Andreas Thorud

Personal information
- Full name: Andreas Aas Thorud
- Date of birth: 14 February 1984 (age 41)
- Height: 1.90 m (6 ft 3 in)
- Position(s): Defender

Senior career*
- Years: Team / Apps / (Gls)
- Skjetten
- 2003–2004: Lillestrøm / 8 / (0)
- 2007: Lørenskog
- 2008: Manglerud Star
- 2009: Lørenskog

= Andreas Thorud =

Norwegian footballer (born 1984)

Andreas Aas Thorud (born 14 February 1984) is a Norwegian former defender.

Thorud started his career in Skjetten SK. He was brought to regional greats Lillestrøm SK ahead of the 2003 season. He got one Norwegian Premier League game in 2003, and five in 2004, without scoring. In total, Thorud played 30 games for Lillestrøm and made 1 goal. In 2004, he was awarded the "Show Racism the Red Card-prize" by NISO and Norsk Folkehjelp for his work and writings against racism.

After the 2004 season he made something of a shock move when he retired from professional football, only 20 years old, even though the new coach Uwe Røsler wanted to give him the chance as a first team regular.

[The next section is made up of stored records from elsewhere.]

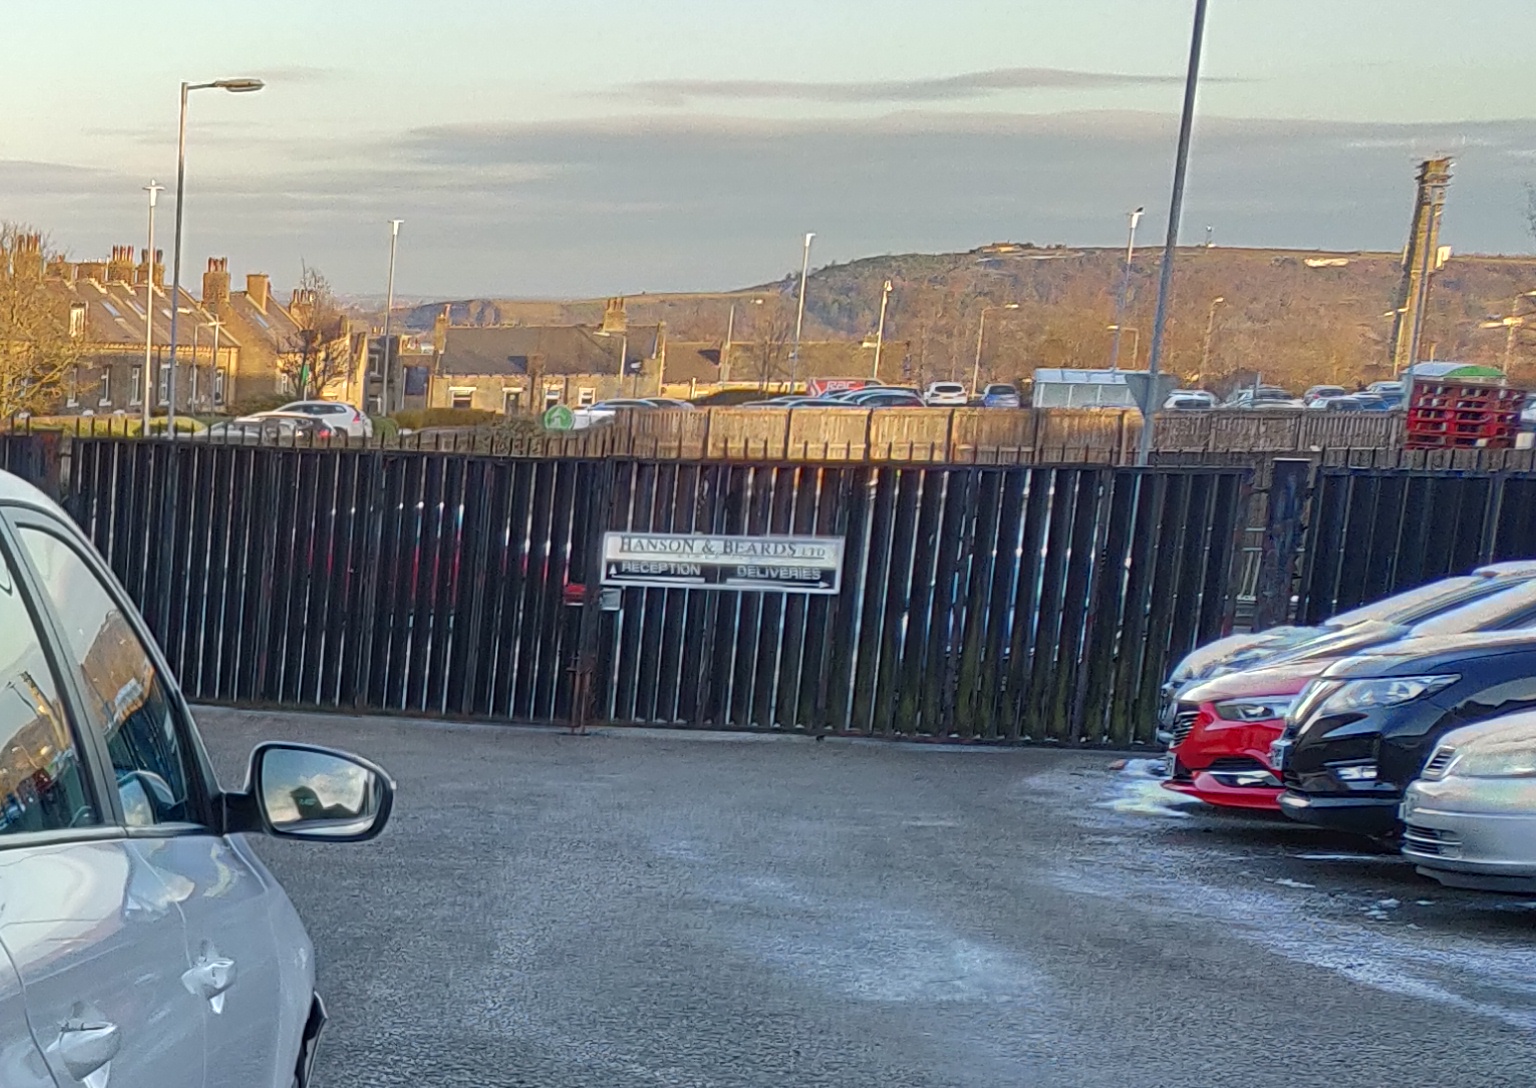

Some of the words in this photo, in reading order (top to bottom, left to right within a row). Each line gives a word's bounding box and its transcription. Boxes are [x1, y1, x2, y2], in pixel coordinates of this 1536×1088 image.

[619, 535, 694, 553] HANSON
[701, 540, 715, 555] &
[723, 541, 796, 557] BEARDS
[621, 561, 702, 576] RECEPTION
[736, 565, 822, 581] DELIVERIES
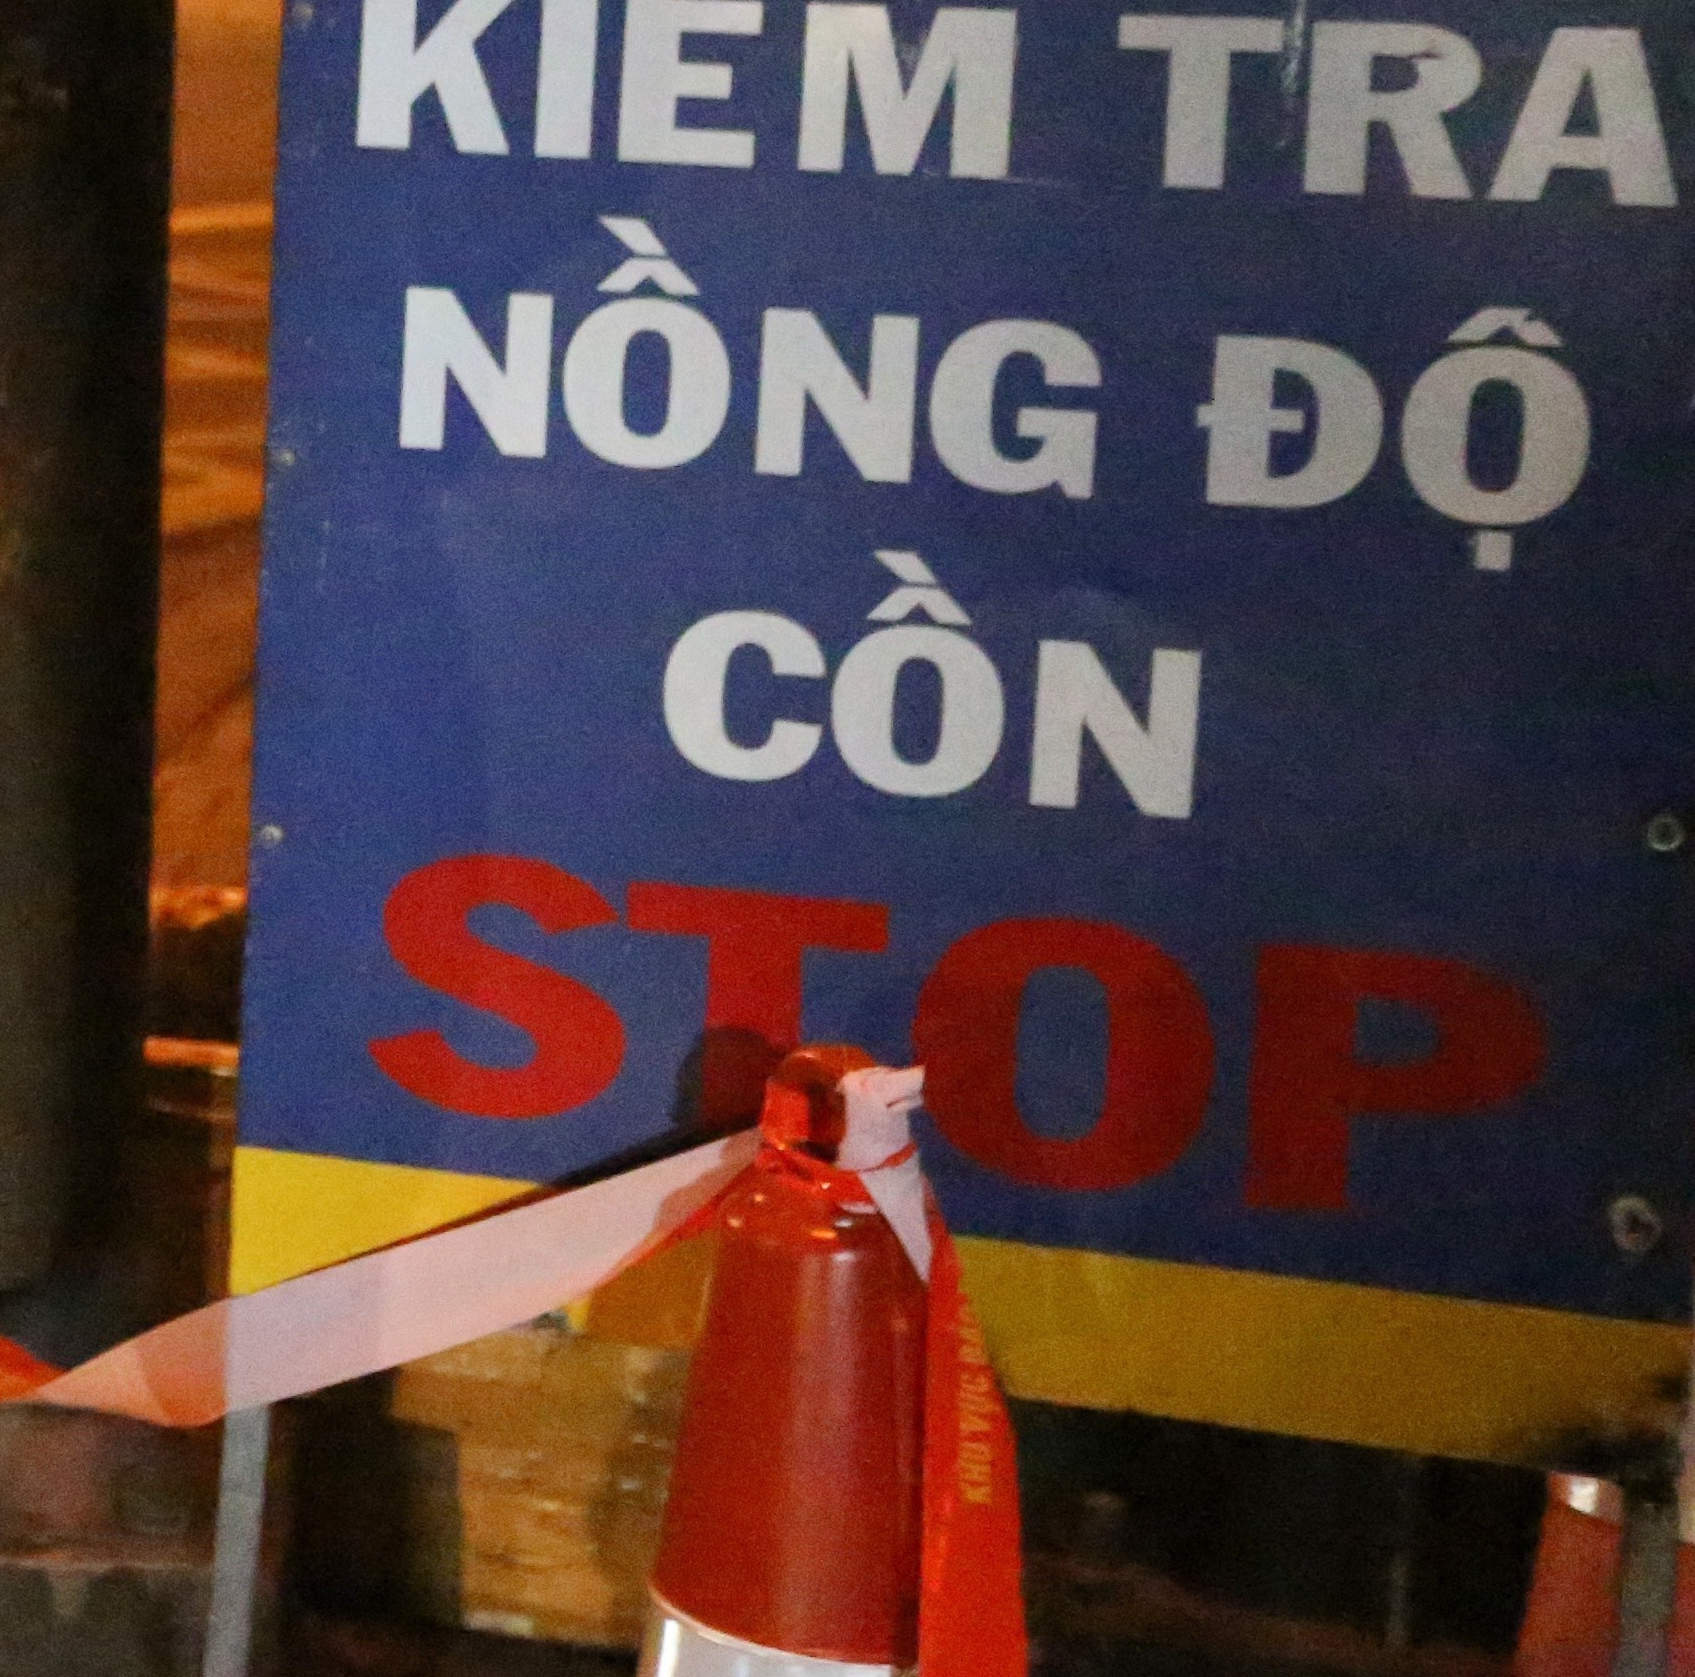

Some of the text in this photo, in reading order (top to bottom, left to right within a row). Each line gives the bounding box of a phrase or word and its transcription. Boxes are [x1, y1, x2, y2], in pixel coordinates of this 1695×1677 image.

[1116, 14, 1679, 208] TRA
[398, 216, 1592, 573] NỒNG ĐỘ
[662, 549, 1203, 820] CỒN
[367, 853, 1549, 1214] STOP
[958, 1442, 992, 1504] KHU

Ahead of the 2007 season, he signed for Lørenskog IF after extensive studies and traveling in America, Asia and Europe. Ahead of the 2008 season he was wanted by second-tier club Sandnes Ulf, but joined Manglerud Star to stay in Oslo. After one season he returned to Lørenskog but made his final retirement from football in June 2009.

He studied philosophy, religious history, theology, psychology and sociology at the University of Oslo in the period 2004-2014. His masters thesis in philosophy is a study of the Russian-born French philosopher Alexandre Kojève with the title "Amicus Alexandre Kojève".

Thorud is certified as a Philosophical Practitioner through the Norwegian Society for Philosophical Practice.